9


Come Buy



Mae hadn’t really thought about the fact that the Goblin Market was held in a different place every month. It made sense to her that a secret gathering would be held in a different place every month, but still the image of people dancing in a wood filled with fairy lights had stayed with her. She’d thought it would be more or less the same.

On the hour-long drive to Cornwall, Alan explained that they were holding this Goblin Market on the sea-bound cliffs of Tintagel Castle.

“Is this a castle like Cranmore Castle was a castle?” Mae asked, referring to the green hill, once a fort and nothing like a castle, that had been near the woods of the last Market.

“No—it’s a castle like a proper castle,” Alan said. “Mostly.”

“Oh, mostly?”

“Well, a lot of the castle has fallen into the sea,” said Alan. “But it’s very impressive apart from that.”

Mae laughed, and Alan laughed with her, teeth flashing white in the dark.
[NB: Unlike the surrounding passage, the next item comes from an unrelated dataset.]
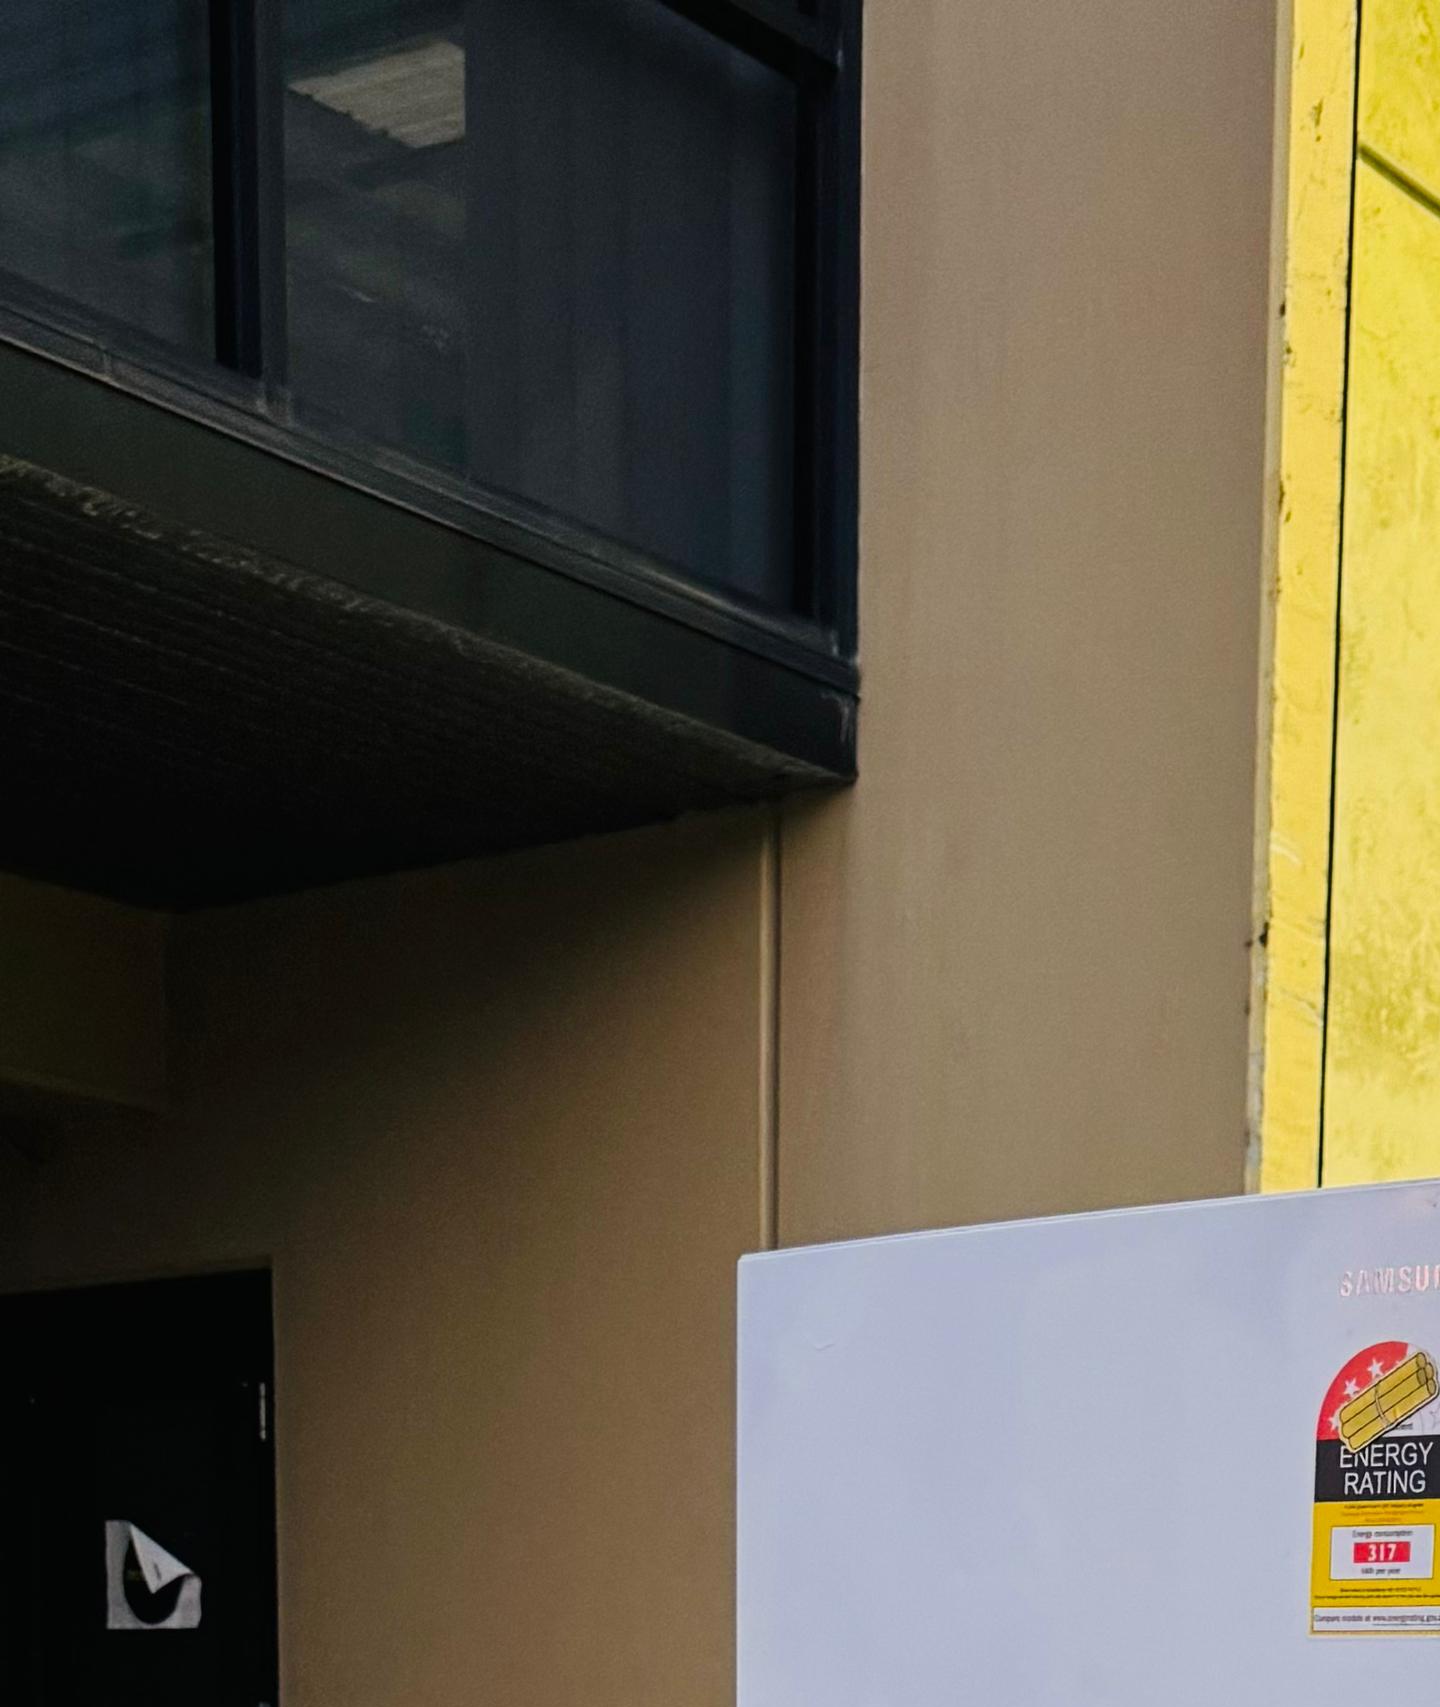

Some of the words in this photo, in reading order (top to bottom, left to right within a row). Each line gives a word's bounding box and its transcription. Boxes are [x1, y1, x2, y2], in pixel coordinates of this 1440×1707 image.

He looked happy, recovered from the emotion that had made his face drawn and desperate in the shadowed kitchen. It didn’t take much to make Alan happy; he was used to living on crumbs.

It made her feel terribly sorry for him, but she couldn’t really understand it. She was pretty comfortable with wanting a lot from life.

“So if a storm comes, we could all be blown out to sea with what’s left of the castle,” she said lightly, and then stopped and cursed her own stupidity as they both thought of storms.

“It’s the first weekend in June,” Alan said after a moment, his smile dimmed but his voice still trying to be light. “I don’t expect storms.”

Mae looked away from the loss of Alan’s smile to the open night road, the tarmac briefly white in the car’s headlights and then fading to black in the side mirrors.

“Gerald said there was a storm in Durham,” she said. “Wasn’t that where—where your family lived?”

Alan’s family: his aunt—the sister of Alan’s long-dead mother—and her children. The aunt Alan had written to in secret. The family Nick had not known existed, because he’d thought Olivia was Alan’s mother, because he’d thought that he and Alan were really brothers.

He had taken the revelation that they were not actually related extremely badly.

“Yeah,” Alan said, rough and short as his brother for once.

“And the storm that was going on in the background when I called you,” said Mae carefully. “That was due to—”

“It was my fault.”

When she glanced at Alan, she saw his jaw was tight.

“I shouldn’t have gone there.”

He looked over at Mae suddenly, just a glance, soft and gentle as if he’d reached out and touched her, or as if he wanted to.

“We should have come back to Exeter with you guys.”

“I’m glad you’re here now,” said Mae, which was true. “So this place is meant to be where King Arthur was conceived,” she said to change the subject, since if she knew anything about Alan, she knew it would make him happy to go on about history and legends. “That’s really nobody’s business but the queen’s.”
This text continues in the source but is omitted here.